Plourde concludes that Cascades’ near-term outlook “is positive despite ongoing COVID-19-related uncertainty.” He says containerboard demand remains strong and, combined with recent industry price increases, will help to offset raw material price increases. With the Tissue segment, he says stronger-than-expected volumes in December, usual seasonal softness in the first quarter of the year and unfavorable demand impact on away-from-home products related to the pandemic will likely translate into weaker sequential performance in the segment. He adds that the company predicts stable sequential performance for its Specialty Products segment, with higher average selling prices and good demand trends for consumer food packaging offsetting the slightly higher raw material costs. He concludes that results in European Boxboard are expected to remain stable as well, with higher volumes and a favorable exchange rate mitigating higher forecasted raw material and energy costs.

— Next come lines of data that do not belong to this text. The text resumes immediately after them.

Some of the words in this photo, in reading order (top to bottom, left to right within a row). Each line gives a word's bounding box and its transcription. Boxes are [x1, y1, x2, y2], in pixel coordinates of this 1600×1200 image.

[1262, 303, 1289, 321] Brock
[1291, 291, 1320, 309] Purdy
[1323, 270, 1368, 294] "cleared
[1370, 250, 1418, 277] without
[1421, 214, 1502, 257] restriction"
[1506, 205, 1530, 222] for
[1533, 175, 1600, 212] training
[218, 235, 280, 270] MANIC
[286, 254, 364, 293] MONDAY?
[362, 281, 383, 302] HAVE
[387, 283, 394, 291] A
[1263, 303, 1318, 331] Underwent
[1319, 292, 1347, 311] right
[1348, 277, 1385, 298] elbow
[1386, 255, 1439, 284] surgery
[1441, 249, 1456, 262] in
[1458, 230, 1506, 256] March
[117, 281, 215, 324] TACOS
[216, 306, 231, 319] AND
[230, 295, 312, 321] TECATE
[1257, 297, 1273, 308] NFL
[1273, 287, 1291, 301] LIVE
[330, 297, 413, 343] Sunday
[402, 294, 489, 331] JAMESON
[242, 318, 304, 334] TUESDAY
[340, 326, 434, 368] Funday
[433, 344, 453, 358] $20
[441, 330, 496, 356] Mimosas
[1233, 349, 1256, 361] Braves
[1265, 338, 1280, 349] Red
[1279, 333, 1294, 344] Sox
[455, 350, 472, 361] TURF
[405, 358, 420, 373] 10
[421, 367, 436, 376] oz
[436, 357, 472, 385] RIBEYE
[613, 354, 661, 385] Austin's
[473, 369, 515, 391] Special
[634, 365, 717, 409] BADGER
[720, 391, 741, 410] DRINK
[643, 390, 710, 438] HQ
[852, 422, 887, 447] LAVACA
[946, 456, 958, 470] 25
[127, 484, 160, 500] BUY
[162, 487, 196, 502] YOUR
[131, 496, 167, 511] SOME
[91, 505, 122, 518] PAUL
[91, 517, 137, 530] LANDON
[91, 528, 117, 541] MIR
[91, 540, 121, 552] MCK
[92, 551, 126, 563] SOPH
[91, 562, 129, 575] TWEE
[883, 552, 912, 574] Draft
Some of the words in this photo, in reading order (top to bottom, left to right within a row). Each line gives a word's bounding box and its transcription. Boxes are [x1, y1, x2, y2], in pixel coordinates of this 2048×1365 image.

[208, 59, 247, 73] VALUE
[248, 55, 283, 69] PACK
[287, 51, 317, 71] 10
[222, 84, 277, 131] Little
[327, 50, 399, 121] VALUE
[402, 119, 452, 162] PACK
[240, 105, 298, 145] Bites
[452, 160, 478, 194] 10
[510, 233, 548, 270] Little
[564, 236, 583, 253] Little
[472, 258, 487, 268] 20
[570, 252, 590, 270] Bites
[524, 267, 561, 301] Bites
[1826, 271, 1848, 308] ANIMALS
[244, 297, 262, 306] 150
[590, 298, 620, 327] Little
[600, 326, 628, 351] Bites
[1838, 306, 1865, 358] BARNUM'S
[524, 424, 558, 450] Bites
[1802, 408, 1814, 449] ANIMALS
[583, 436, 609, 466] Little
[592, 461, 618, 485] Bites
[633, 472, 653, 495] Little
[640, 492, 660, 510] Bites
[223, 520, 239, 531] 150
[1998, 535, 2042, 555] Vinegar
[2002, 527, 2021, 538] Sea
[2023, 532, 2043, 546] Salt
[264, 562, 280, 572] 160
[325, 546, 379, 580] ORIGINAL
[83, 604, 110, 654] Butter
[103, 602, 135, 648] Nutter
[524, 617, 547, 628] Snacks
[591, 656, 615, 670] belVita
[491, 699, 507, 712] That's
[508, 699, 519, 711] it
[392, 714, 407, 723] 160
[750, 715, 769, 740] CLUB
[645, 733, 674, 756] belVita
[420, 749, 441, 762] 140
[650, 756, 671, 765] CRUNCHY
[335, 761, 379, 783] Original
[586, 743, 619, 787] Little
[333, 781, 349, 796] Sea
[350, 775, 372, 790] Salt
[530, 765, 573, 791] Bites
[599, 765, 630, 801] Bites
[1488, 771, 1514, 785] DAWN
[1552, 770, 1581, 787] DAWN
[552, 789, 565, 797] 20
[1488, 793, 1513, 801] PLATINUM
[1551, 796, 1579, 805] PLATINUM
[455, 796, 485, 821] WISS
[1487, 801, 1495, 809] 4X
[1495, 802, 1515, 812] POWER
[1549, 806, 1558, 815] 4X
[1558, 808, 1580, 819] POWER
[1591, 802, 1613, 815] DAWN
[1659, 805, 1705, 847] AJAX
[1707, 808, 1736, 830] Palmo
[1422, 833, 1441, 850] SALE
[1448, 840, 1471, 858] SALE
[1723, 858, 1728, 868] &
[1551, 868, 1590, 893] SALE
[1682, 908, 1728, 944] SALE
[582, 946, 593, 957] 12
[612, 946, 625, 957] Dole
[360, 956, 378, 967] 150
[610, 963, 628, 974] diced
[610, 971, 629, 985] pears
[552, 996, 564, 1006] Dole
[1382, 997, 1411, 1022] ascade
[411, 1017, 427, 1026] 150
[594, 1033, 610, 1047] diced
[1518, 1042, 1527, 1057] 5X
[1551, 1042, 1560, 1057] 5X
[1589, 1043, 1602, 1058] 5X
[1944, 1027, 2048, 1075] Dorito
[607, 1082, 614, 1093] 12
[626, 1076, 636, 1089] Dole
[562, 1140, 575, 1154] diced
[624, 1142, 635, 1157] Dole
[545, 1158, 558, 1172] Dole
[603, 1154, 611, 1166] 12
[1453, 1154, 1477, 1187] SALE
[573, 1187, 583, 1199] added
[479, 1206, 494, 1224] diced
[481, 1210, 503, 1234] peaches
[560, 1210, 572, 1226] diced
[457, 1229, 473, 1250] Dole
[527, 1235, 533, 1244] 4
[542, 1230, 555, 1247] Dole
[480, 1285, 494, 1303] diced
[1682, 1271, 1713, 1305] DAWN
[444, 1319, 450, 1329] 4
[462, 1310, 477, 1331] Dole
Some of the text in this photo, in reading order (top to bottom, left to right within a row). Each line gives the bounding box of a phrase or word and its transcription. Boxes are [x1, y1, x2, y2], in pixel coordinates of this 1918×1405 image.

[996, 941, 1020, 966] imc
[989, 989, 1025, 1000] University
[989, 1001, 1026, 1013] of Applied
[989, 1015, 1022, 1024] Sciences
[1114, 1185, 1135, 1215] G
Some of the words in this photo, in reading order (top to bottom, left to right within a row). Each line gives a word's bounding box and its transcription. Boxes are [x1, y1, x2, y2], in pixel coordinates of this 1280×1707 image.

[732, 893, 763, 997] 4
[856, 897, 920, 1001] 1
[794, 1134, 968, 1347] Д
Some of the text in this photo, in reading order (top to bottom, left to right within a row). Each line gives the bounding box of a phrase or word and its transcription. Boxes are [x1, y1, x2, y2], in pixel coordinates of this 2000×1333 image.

Additionally, Plourde says he predicts higher average old corrugated container (OCC) costs in the near-term future, increasing in line with usual seasonal trends of the period. He adds that prices for white recycled fibers will likely remain stable, while virgin pulp prices are expected to increase “given recent moves in index pricing.” He says raw materials have been “readily available,” and “we do not foresee any changes in this regard.”

Plourde concludes that he expects 2021 to be a “busy year” for Cascades.

“The highlight will be our Bear Island containerboard project, which will account for the lion’s share of our capex program,” he says. “We will also be finalizing modernization investments in our tissue converting operations, with all of these projects encompassed within our $450 to $475 million capital program for 2021. We expect these investments to be fully funded by solid projected cash flows for the year, in part driven by our ongoing margin improvement initiatives that are targeting net revenue management, production efficiency, organizational effectiveness and supply chain optimization. These initiatives are expected to contribute 1 percent annually to consolidated OIBD margins in both 2021 and 2022, regardless of external factors."

He says, “As we continue to navigate the challenges and uncertainties inherent in the ongoing pandemic business environment, we remain focused on ensuring the health and safety of our employees and on proactively engaging with our customers to ensure that their needs and expectations are met consistently, promptly and professionally.”